(Saved entries)
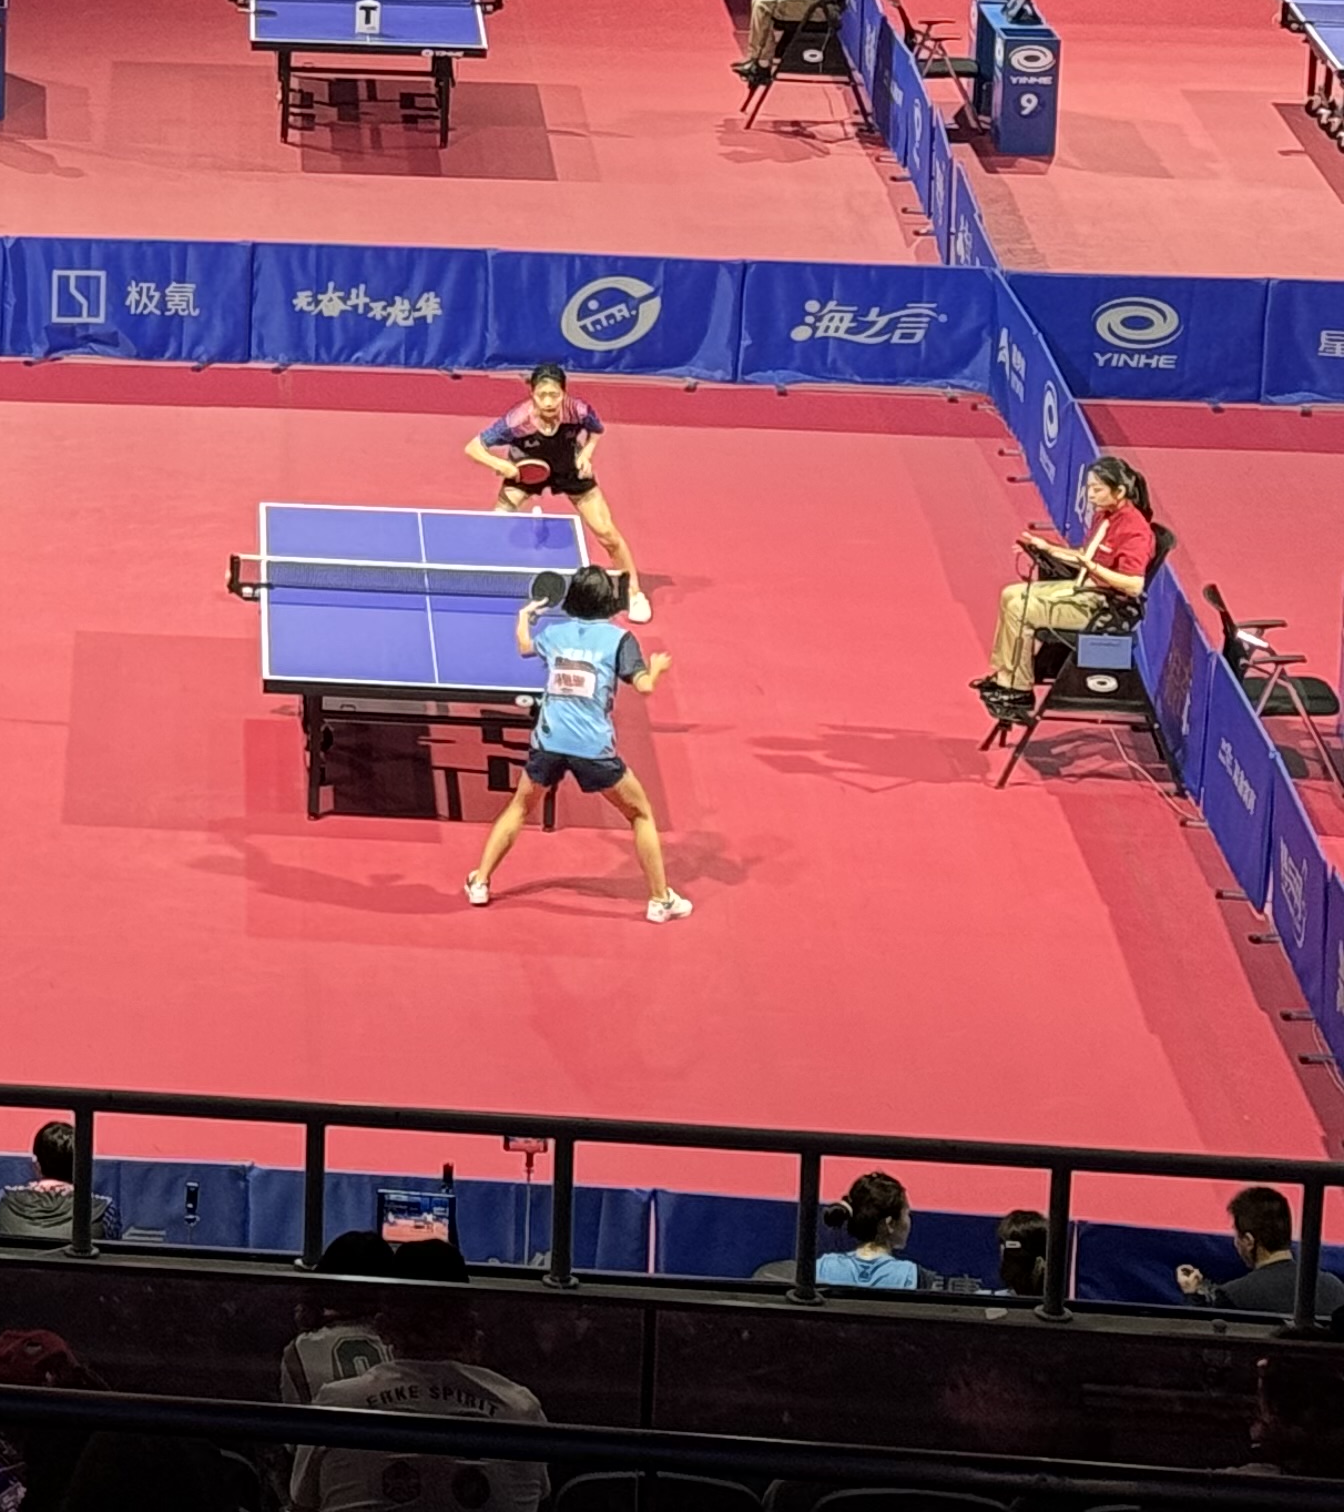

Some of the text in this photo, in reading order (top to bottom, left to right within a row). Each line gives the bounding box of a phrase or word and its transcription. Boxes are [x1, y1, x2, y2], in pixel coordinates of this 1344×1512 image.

[1019, 92, 1040, 117] 9
[125, 280, 201, 317] 极氪
[291, 280, 443, 328] 无奋斗不龙华
[790, 299, 940, 345] 海之言
[1092, 351, 1179, 370] YINHE

#### Instructions for the task:
Give the records again without a single change, and exclude the pictures.

#### Answer space:
Some of the text in this photo, in reading order (top to bottom, left to right within a row). Each line gives the bounding box of a phrase or word and its transcription. Boxes are [x1, y1, x2, y2], in pixel coordinates of this 1344×1512 image.

[1019, 92, 1040, 117] 9
[125, 280, 201, 317] 极氪
[291, 280, 443, 328] 无奋斗不龙华
[790, 299, 940, 345] 海之言
[1092, 351, 1179, 370] YINHE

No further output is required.